Perhaps Professor O’Hear can straighten me out on this.
The decision of a divided Court of Appeals setting aside the sentence of Landray Harris has gotten a fair amount of play in the blogs and on talk radio. Put briefly, the court vacated the sentence because the sentencing judge, apparently frustrated by the defendant’s failure to get a job, referred to the defendant’s “baby mama” (who supports him) and wondered how “you guys” (referring to one out of four defendants who appeared before the court) find women who are willing to support them in idleness. One of the area’s most prominent African-American defense attorneys has come to the defense of the sentencing judge, suggesting that his comments grew out of conversations that they had over the years about the puzzling ability of ne’er-do-wells to find women who enable them.
MULS alum Tom Foley is derisive of the critics, suggesting that they have failed to understand the proper standard for evaluating such matters. He points out that the majority asked whether the sentencing remarks could suggest to a reasonable observer or a “reasonable person in the position of the defendant that the court was improperly considering Harris’s race?” Thus, Tom argues, the question to be answered is not what, say, Jeff Wagner would make of the judge’s remarks but how they would be perceived by an African-American defendant.
Tom is correct that this is the standard the majority announced. But is it the right standard? The majority cites no authority for it, and the cases (from outside Wisconsin) seem to have been based on the perceptions of a reasonable observer and not a reasonable observer in the position of the defendant.
More fundamentally, should the question be whether, to use the majority’s language, “there is a risk” that a defendant or a generic observer “might” infer that the judge improperly considered race?

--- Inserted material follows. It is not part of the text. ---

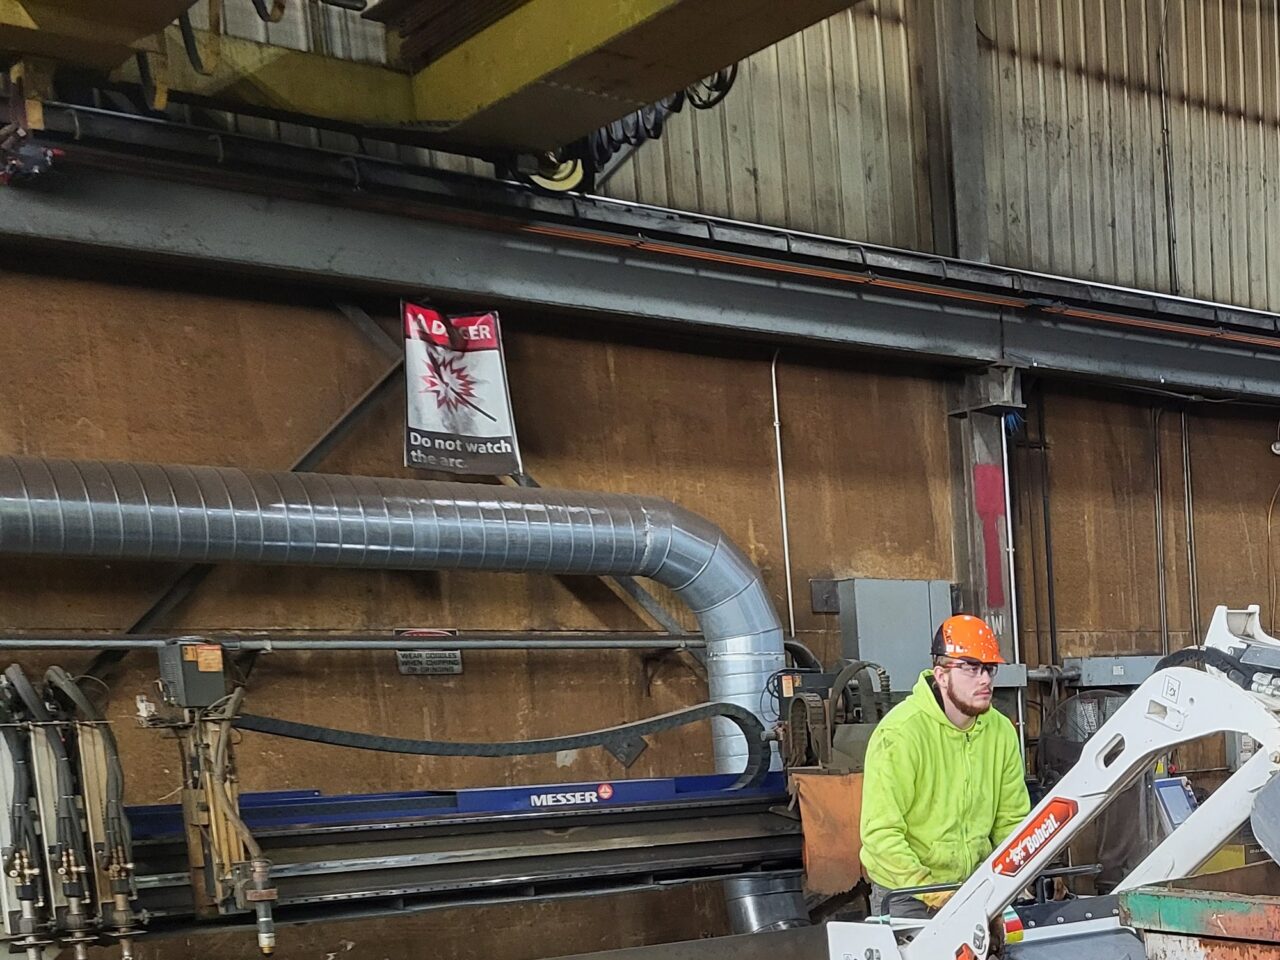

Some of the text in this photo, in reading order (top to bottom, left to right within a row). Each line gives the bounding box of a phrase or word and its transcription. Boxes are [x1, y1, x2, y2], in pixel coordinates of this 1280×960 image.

Judge Brennan, in her dissent, comes at it in a different way, citing Wisconsin law that places upon the defendant the burden of proving that an improper factor influenced the sentence. Now, of course, one way to prove that is through the judge’s remarks. But here’s the thing: Not one of the three judges concluded that Judge Wall improperly considered race. Even the majority says that “[h]aving examined the entire sentencing transcript, we are satisfied that the trial court did not harbor bias against Harris because of his race.”

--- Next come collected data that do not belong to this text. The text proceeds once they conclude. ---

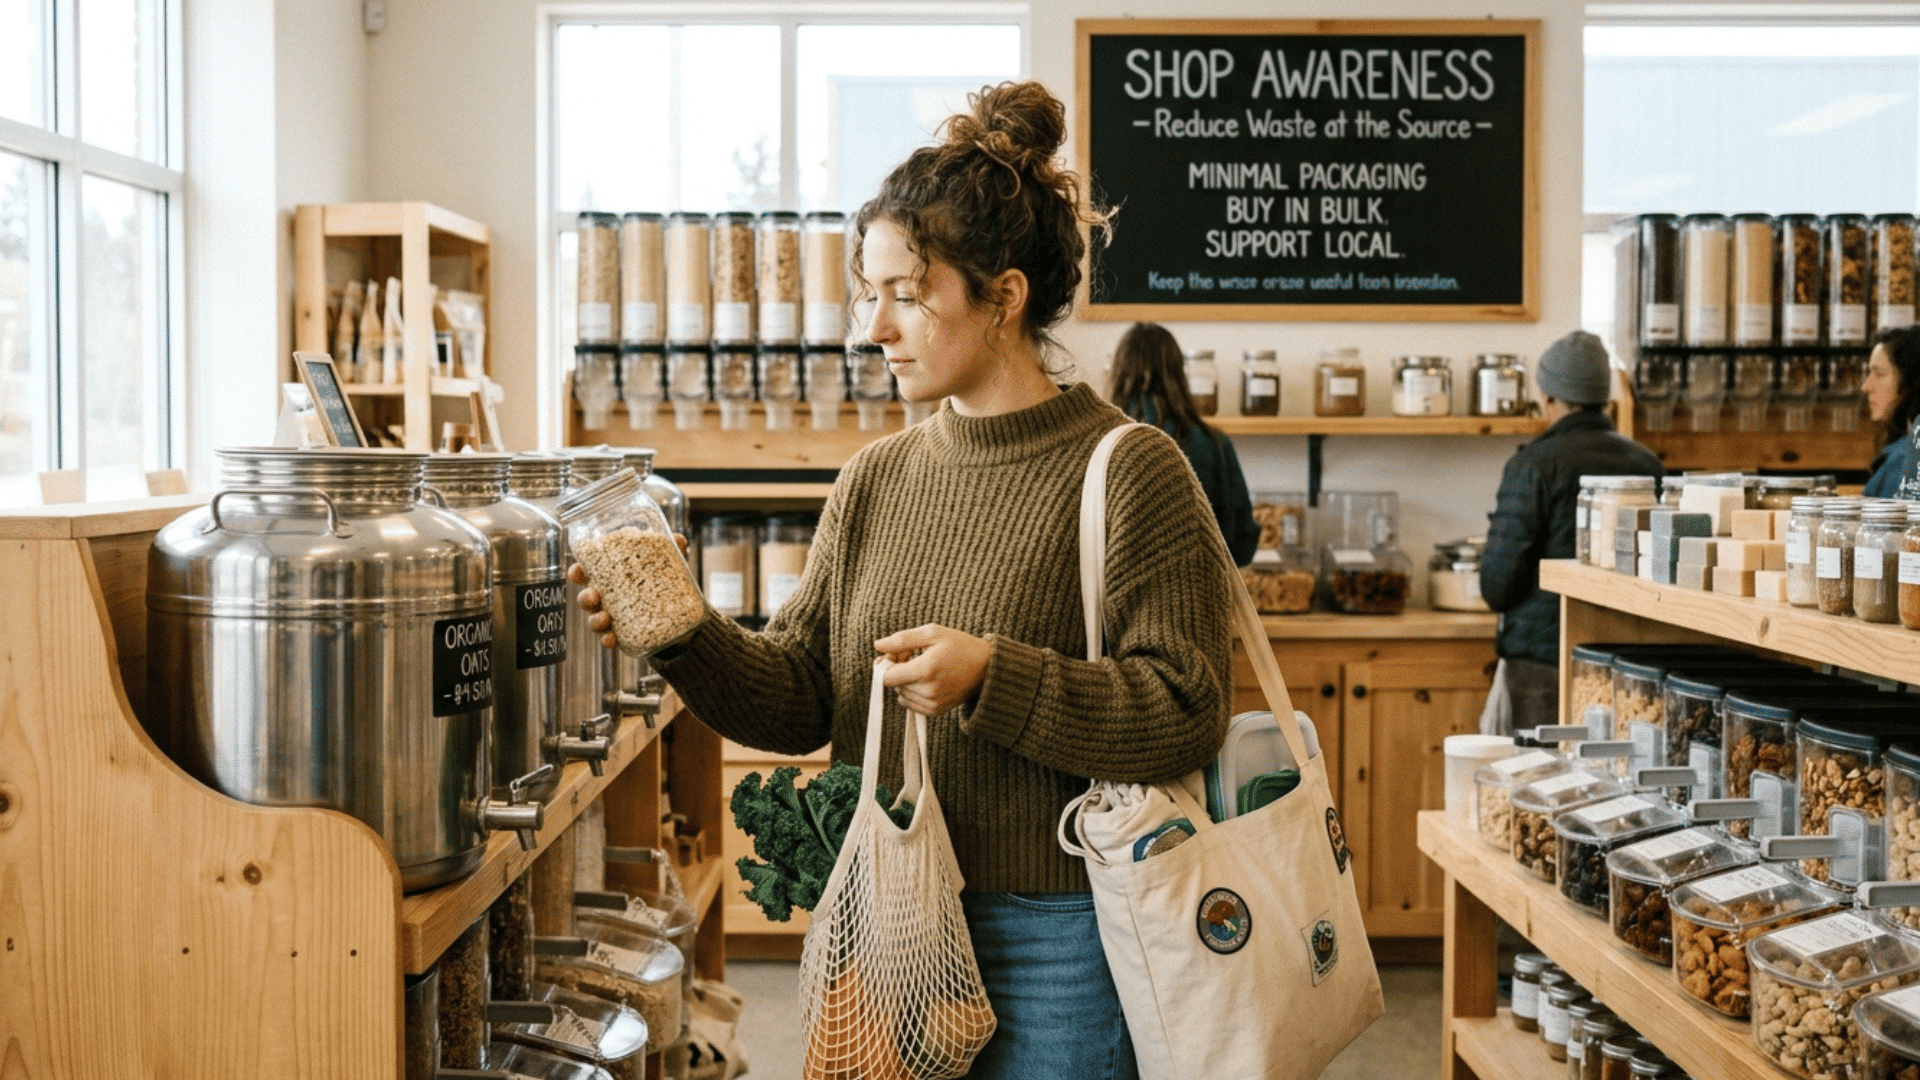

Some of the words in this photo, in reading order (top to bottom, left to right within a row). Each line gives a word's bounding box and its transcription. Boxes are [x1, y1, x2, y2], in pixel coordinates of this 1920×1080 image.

[1124, 48, 1235, 100] SHOP
[1251, 49, 1495, 101] AWARENESS
[1246, 108, 1317, 138] Waste
[1324, 110, 1348, 138] at
[1354, 110, 1391, 138] the
[1188, 162, 1289, 190] MINIMAL
[1299, 162, 1427, 191] PACKAGING
[1226, 195, 1275, 225] BUY
[1285, 196, 1310, 225] IN
[1205, 229, 1312, 259] SUPPORT
[461, 648, 490, 676] OATS

The majority seems to want to enforce a certain sentencing etiquette and I understand what’s behind that. There is resentment in the black community for the justice system and, while we can disagree about the extent to which it is justified or whether it is counterproductive, it ought to be seen as a reality that requires a response.
But sentencing judges are exposed to a parade of defendants who, and, again, we can argue about why, live irresponsible lives that are destructive of themselves and their families. It is reasonable to expect them to, from time to time, comment on that fact. If, in a particular venue, a disproportionate number of those defendants are African-American, it may be possible, as was done here, to tease those remarks and to place upon them a negative construction that might suggest racial bias. But won’t too much sensitivity lead to too many false positives and inefficiency? Where, as here. everyone seems to agree that race was not taken into account by the sentencing judge, is there really any value in vacating the sentence because the judge’s remarks might be susceptible to being taken in the wrong way?